» Activity: Write out only the final part of the records below. It begins with the line that contains "Some of the text" and ends with the last line.

Items listed in a dataset
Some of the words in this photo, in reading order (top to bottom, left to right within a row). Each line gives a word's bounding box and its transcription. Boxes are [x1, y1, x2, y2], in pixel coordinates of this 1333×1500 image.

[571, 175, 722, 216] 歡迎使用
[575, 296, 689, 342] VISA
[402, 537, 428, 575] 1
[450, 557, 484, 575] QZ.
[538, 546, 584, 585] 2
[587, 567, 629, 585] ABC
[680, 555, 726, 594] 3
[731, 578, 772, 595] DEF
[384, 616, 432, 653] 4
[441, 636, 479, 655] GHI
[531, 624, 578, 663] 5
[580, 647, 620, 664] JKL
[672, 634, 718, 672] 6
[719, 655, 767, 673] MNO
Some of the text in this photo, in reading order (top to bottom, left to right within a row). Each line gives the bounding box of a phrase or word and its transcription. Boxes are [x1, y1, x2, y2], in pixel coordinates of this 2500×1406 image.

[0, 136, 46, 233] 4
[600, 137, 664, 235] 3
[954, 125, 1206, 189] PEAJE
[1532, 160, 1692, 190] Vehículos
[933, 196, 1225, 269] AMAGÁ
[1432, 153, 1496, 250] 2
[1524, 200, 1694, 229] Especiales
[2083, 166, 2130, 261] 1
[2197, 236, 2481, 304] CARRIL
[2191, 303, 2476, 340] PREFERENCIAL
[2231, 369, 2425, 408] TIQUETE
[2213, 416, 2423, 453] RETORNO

» Task result:
Some of the text in this photo, in reading order (top to bottom, left to right within a row). Each line gives the bounding box of a phrase or word and its transcription. Boxes are [x1, y1, x2, y2], in pixel coordinates of this 2500×1406 image.

[0, 136, 46, 233] 4
[600, 137, 664, 235] 3
[954, 125, 1206, 189] PEAJE
[1532, 160, 1692, 190] Vehículos
[933, 196, 1225, 269] AMAGÁ
[1432, 153, 1496, 250] 2
[1524, 200, 1694, 229] Especiales
[2083, 166, 2130, 261] 1
[2197, 236, 2481, 304] CARRIL
[2191, 303, 2476, 340] PREFERENCIAL
[2231, 369, 2425, 408] TIQUETE
[2213, 416, 2423, 453] RETORNO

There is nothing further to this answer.